The Popularity Papers: Research for the Social Improvement and General Betterment of Lydia Goldbatt and Julie Graham-Chang by Amy Ignatow. Grades 4-7. Amulet Books, 2010. 208 pages. Review copy provided by my local library.
Sixth grade is coming. And best friends Lydia and Julie are getting ready! They've both seen Lydia's older sister go through middle school, ending up a social pariah, and they're determined that their fate will be different. They will be popular! So they devise a plan to observe the most popular girls at their school and write down what they do so they can try it. Some tactics backfire, like Lydia trying to bleach a blonde streak in her hair using the bleach she finds underneath the counter. (Note to self: that bleach will burn off a chunk of your hair.) But the girls will persevere... until it starts getting in the way of their friendship. Why is being popular so important anyway?

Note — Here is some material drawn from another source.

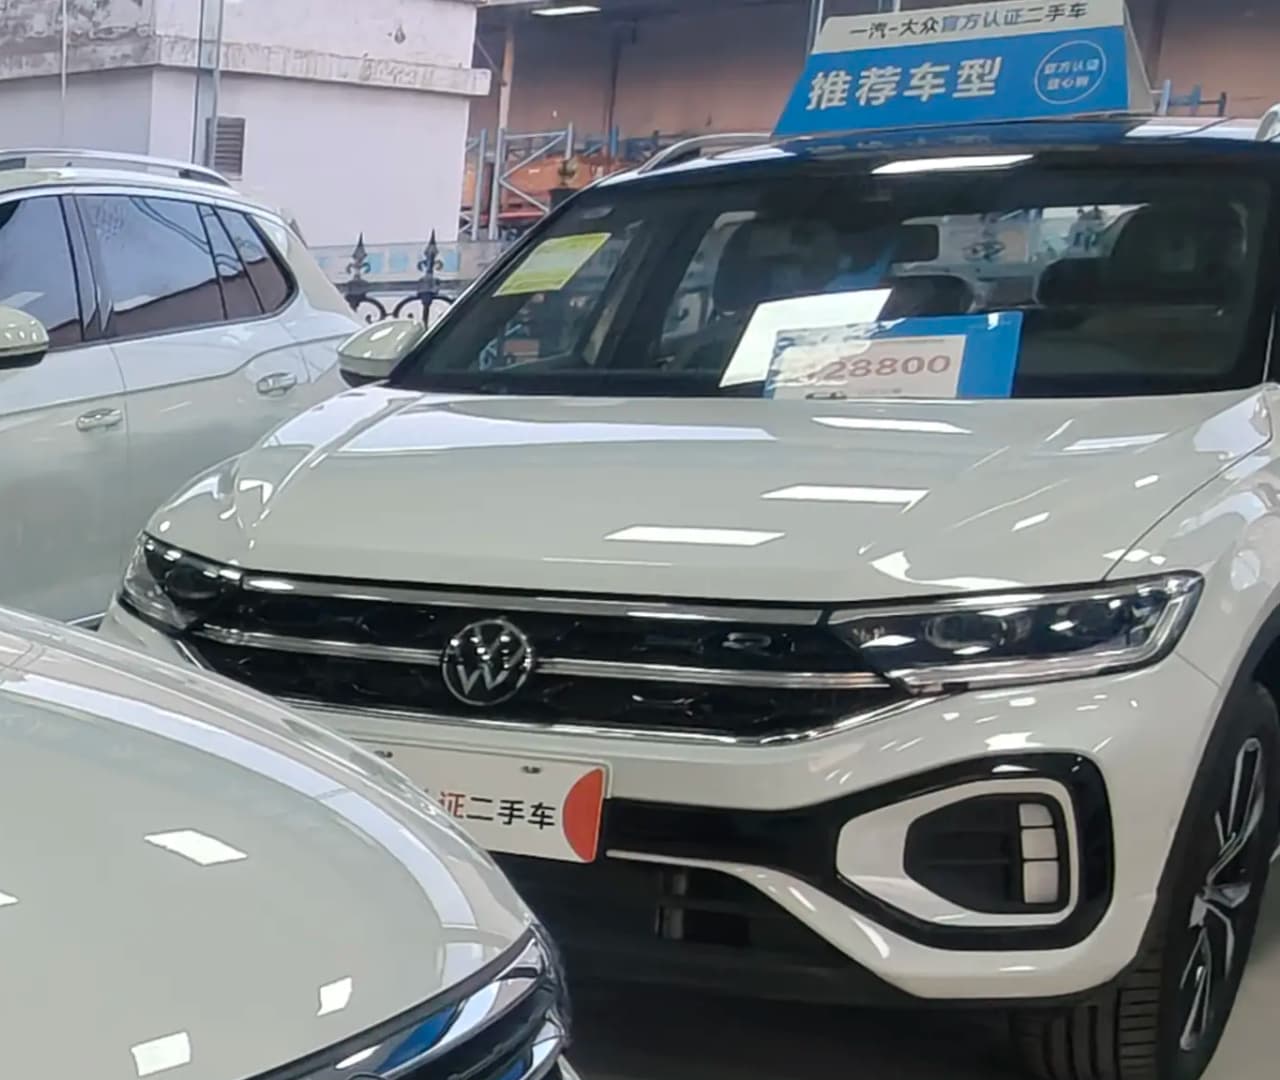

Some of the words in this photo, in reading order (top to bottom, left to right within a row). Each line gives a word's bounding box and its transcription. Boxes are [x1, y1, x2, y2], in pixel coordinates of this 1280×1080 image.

We're talking about funny books this month in our Reading Wildly book discussion and this has been a popular series since I bought them for the Children's Room last year, so I knew I wanted to pick up the first book. It's no mystery why these are popular. The cartoony, handwriting-y format is reminiscent of Diary of a Wimpy Kid and the myriad of funny cartoon diary books that have sprung up in its wake. Full color illustrations makes this series stand out. But, more than that, Amy Ignatow hits the nail right on the head with her dual tween narrators. As I was reading, I could totally imagine myself starting a notebook like this with one of my best friends in 5th-7th grade.
It's easy to mess up dual narrators, even when handwriting styles can help the reader differentiate, but Ignatow gets it right. She's created two distinct characters here, passing the notebook back and forth as they record their adventures in popularity. She also gets bonus points for diversity (Lydia and her sister are raised by just their mom and Julie has two dads, a fact that's obvious throughout the book but also no big deal).
The book is laugh-out-loud funny and I found myself wanting to continue reading the series purely for my own enjoyment (not because I had to for our book discussion).
Readalikes: Obviously the cartoon diary format and the humorous tone is going to make this a readalike for all those Wimpy Kid-esque books (Big Nate, Dork Diaries, etc.).
I'd also suggest Middle School is Worse Than Meatloaf by Jennifer L. Holm for the format. I think the full-color told-through-stuff format might appeal to kids who like all the full color cartoons in The Popularity Papers.
I might also try Smile by Raina Telgemeier. This graphic novel is full color, so format is one appeal factor. Smile also deals with a girl trying to navigate the tricky waters of middle school and the story is sometimes funny and sometimes poignant.
The Popularity Papers is on shelves now! And don't miss the further adventures of Lydia and Julie in subsequent books (book 5 just came out this spring!).